Free-text object descriptions:
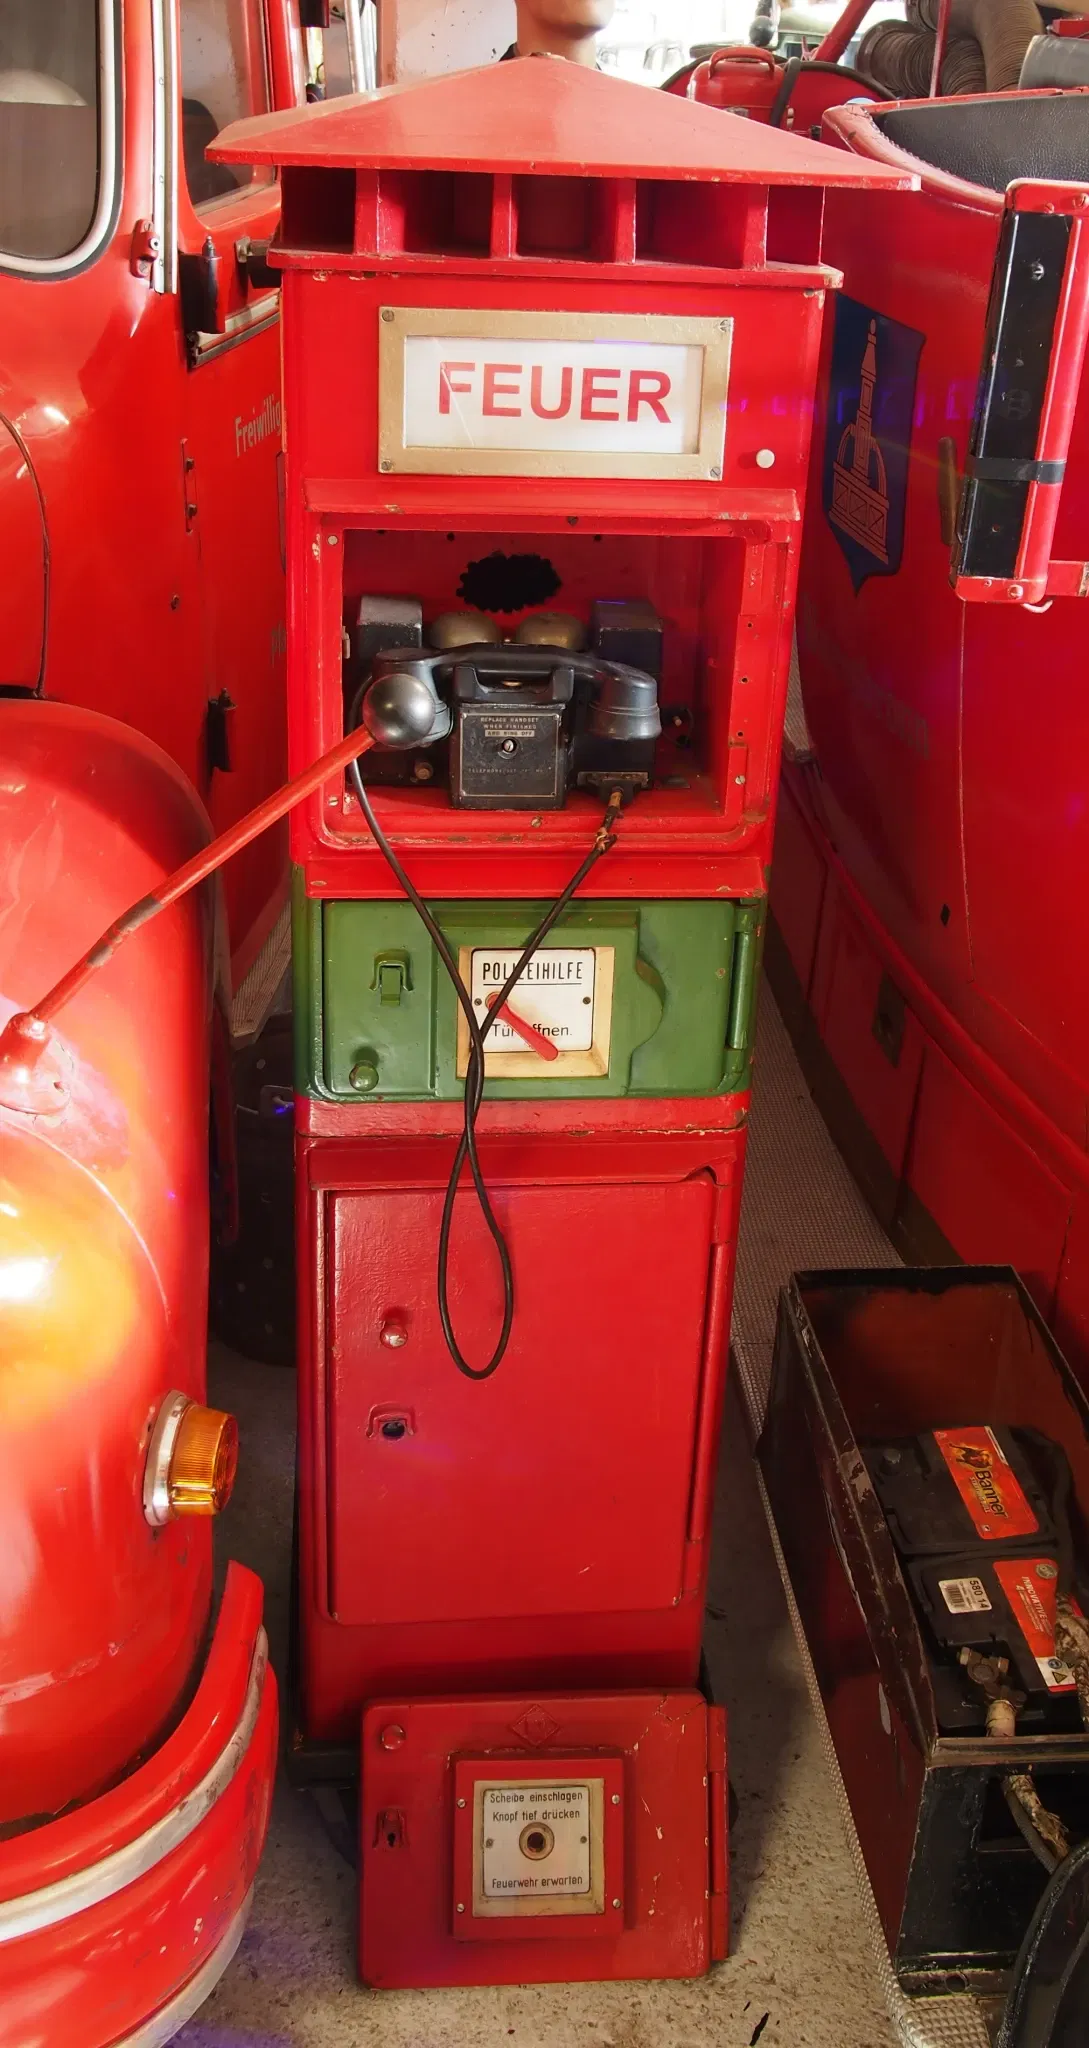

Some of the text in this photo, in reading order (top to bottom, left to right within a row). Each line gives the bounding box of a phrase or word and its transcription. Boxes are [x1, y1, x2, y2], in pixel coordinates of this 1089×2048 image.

[439, 361, 672, 424] FEUER
[975, 1471, 1008, 1517] Banner
[969, 1580, 991, 1609] 580 14
[1022, 1576, 1048, 1619] INNOVATIVE
[490, 1791, 583, 1803] Scheibe einschlagen
[492, 1809, 580, 1823] Knopf tief drücken
[492, 1875, 583, 1889] Feuerwehr erwarten

• **GOAL OF THE EXERCISE**
Would you set down each line of the data exactly, with no images included?

• **WRITTEN REPLY**
Some of the text in this photo, in reading order (top to bottom, left to right within a row). Each line gives the bounding box of a phrase or word and its transcription. Boxes are [x1, y1, x2, y2], in pixel coordinates of this 1089×2048 image.

[439, 361, 672, 424] FEUER
[975, 1471, 1008, 1517] Banner
[969, 1580, 991, 1609] 580 14
[1022, 1576, 1048, 1619] INNOVATIVE
[490, 1791, 583, 1803] Scheibe einschlagen
[492, 1809, 580, 1823] Knopf tief drücken
[492, 1875, 583, 1889] Feuerwehr erwarten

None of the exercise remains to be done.